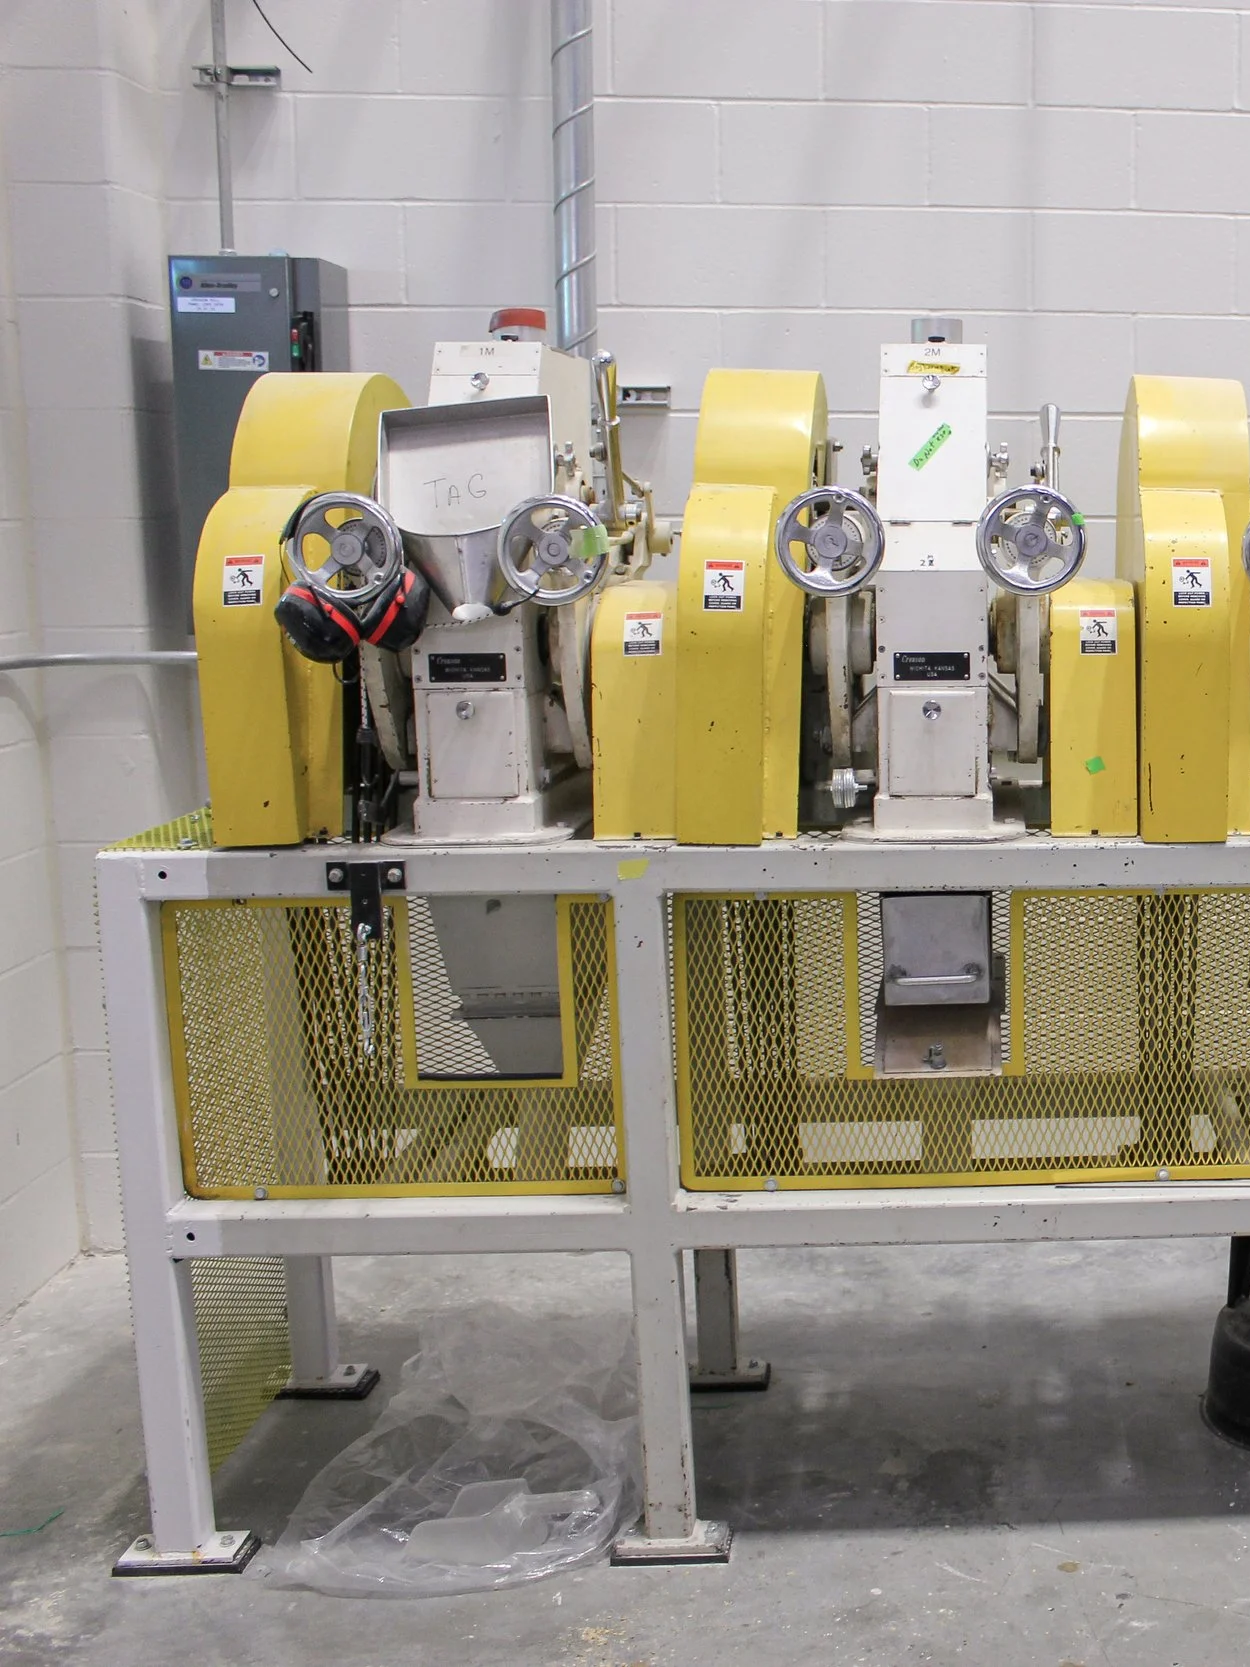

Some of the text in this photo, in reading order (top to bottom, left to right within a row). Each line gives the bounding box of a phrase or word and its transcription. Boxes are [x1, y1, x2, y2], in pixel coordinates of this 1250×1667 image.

[479, 347, 495, 356] 1M
[924, 347, 941, 357] 2M
[423, 473, 487, 509] TAG
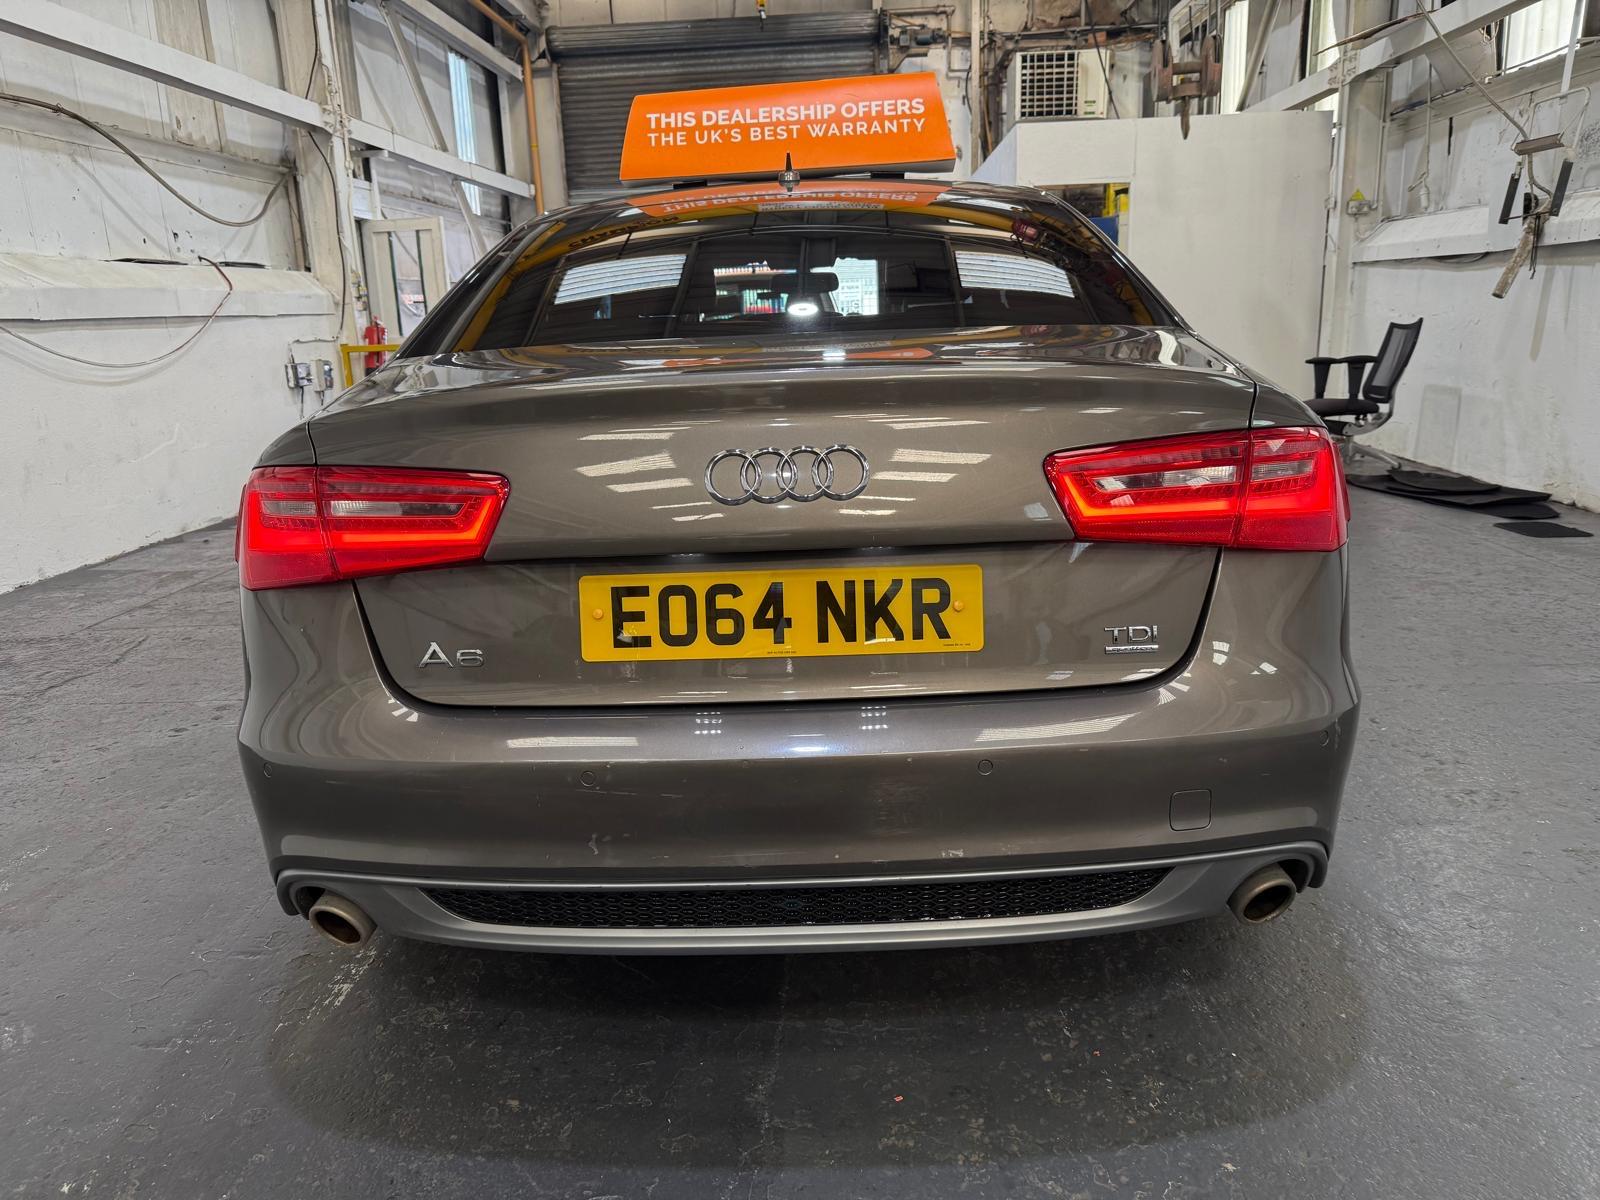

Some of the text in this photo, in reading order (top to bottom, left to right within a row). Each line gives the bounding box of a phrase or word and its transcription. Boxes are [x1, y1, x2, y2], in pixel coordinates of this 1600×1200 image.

[646, 98, 925, 129] THIS DEALERSHIP OFFERS
[647, 118, 926, 147] THE UK'S BEST WARRANTY
[611, 578, 952, 649] EO64 NKR
[1104, 625, 1158, 643] TDI
[419, 642, 484, 668] A6

######

### To do
Could you retype each line of the material above exactly, skipping the pictures?

### Exercise solution
Some of the text in this photo, in reading order (top to bottom, left to right within a row). Each line gives the bounding box of a phrase or word and its transcription. Boxes are [x1, y1, x2, y2], in pixel coordinates of this 1250×1667 image.

[479, 347, 495, 356] 1M
[924, 347, 941, 357] 2M
[423, 473, 487, 509] TAG

Some of the text in this photo, in reading order (top to bottom, left to right within a row). Each line gives the bounding box of a phrase or word and its transcription. Boxes are [x1, y1, x2, y2], in pixel coordinates of this 1600×1200 image.

[646, 98, 925, 129] THIS DEALERSHIP OFFERS
[647, 118, 926, 147] THE UK'S BEST WARRANTY
[611, 578, 952, 649] EO64 NKR
[1104, 625, 1158, 643] TDI
[419, 642, 484, 668] A6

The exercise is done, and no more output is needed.